*** DATA SHOWN Section Begins ***

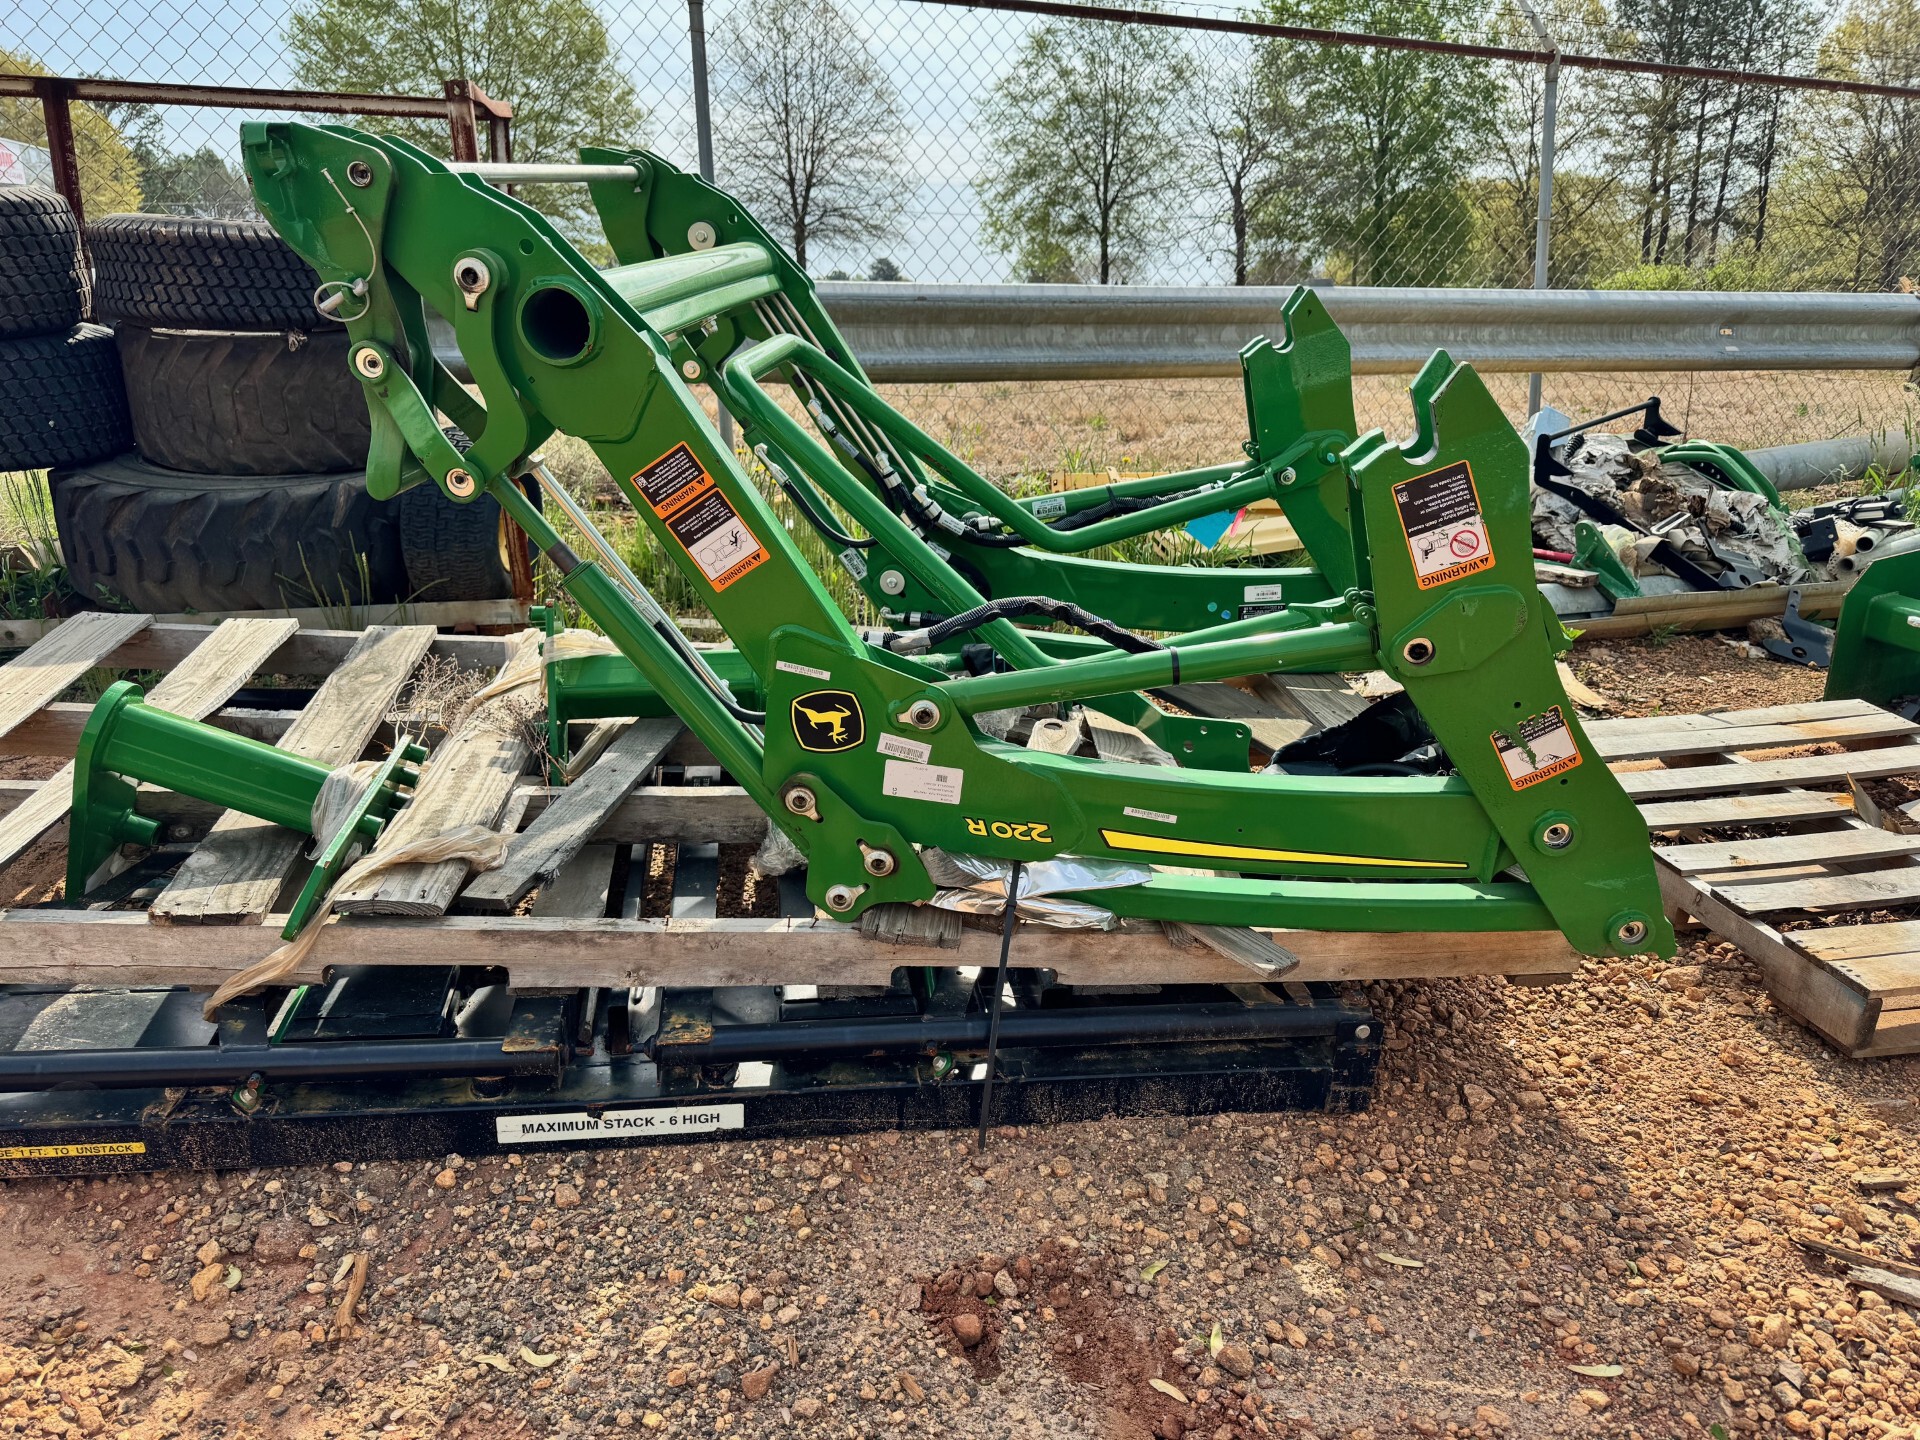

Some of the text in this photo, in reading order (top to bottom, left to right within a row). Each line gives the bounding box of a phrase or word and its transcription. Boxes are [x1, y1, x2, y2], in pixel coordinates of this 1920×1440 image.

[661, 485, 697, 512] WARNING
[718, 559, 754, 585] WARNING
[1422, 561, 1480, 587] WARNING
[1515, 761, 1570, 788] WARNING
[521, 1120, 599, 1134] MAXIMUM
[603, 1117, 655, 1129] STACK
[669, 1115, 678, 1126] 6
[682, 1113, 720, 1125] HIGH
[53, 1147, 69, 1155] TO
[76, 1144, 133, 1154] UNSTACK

*** DATA SHOWN Section Ends ***

BRIEF >> Transcribe the material exactly, leaving every picture out.

ANSWER AREA >>
Some of the text in this photo, in reading order (top to bottom, left to right within a row). Each line gives the bounding box of a phrase or word and its transcription. Boxes are [x1, y1, x2, y2], in pixel coordinates of this 1920×1440 image.

[661, 485, 697, 512] WARNING
[718, 559, 754, 585] WARNING
[1422, 561, 1480, 587] WARNING
[1515, 761, 1570, 788] WARNING
[521, 1120, 599, 1134] MAXIMUM
[603, 1117, 655, 1129] STACK
[669, 1115, 678, 1126] 6
[682, 1113, 720, 1125] HIGH
[53, 1147, 69, 1155] TO
[76, 1144, 133, 1154] UNSTACK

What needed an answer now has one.